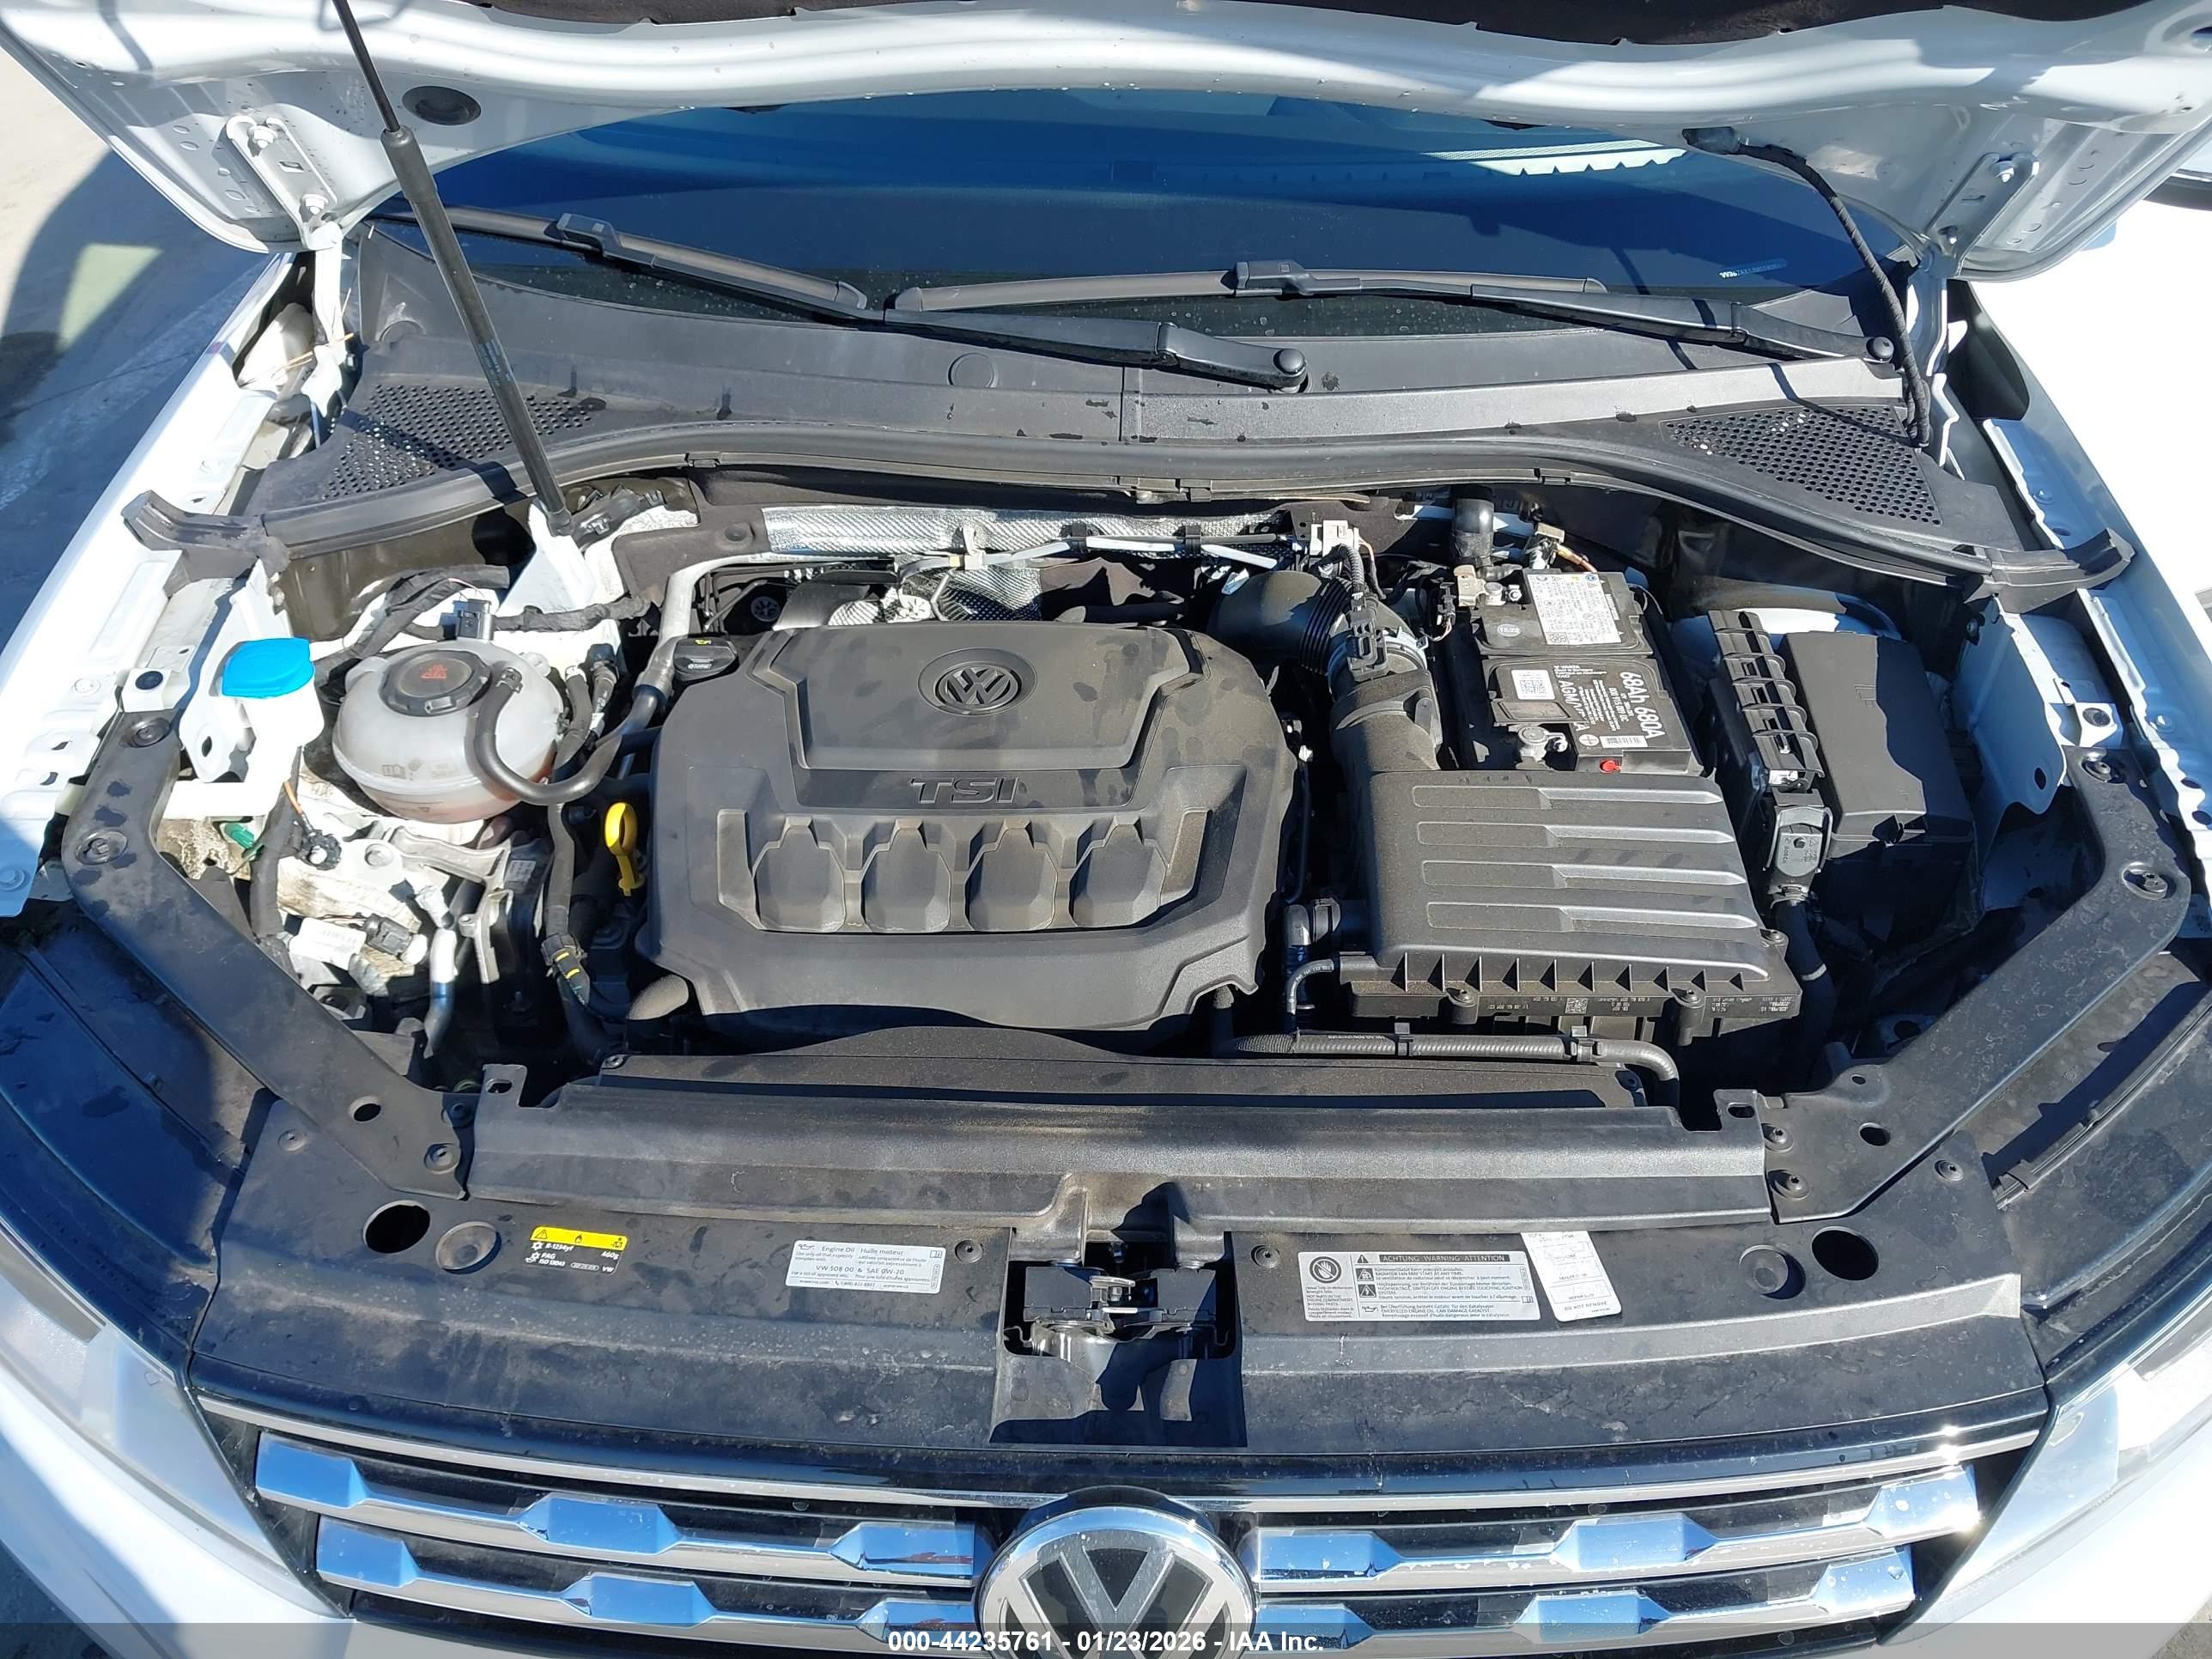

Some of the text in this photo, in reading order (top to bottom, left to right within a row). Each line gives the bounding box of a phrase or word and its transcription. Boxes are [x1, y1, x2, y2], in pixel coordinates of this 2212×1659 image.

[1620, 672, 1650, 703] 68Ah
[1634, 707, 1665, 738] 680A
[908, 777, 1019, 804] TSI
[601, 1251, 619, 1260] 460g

▶ _TASK TO COMPLETE_:
Would you print the listing above in full, exactly, but with no pictures?

▶ _RESULT OF THE TASK_:
Some of the text in this photo, in reading order (top to bottom, left to right within a row). Each line gives the bounding box of a phrase or word and its transcription. Boxes are [x1, y1, x2, y2], in pixel coordinates of this 2212×1659 image.

[1620, 672, 1650, 703] 68Ah
[1634, 707, 1665, 738] 680A
[908, 777, 1019, 804] TSI
[601, 1251, 619, 1260] 460g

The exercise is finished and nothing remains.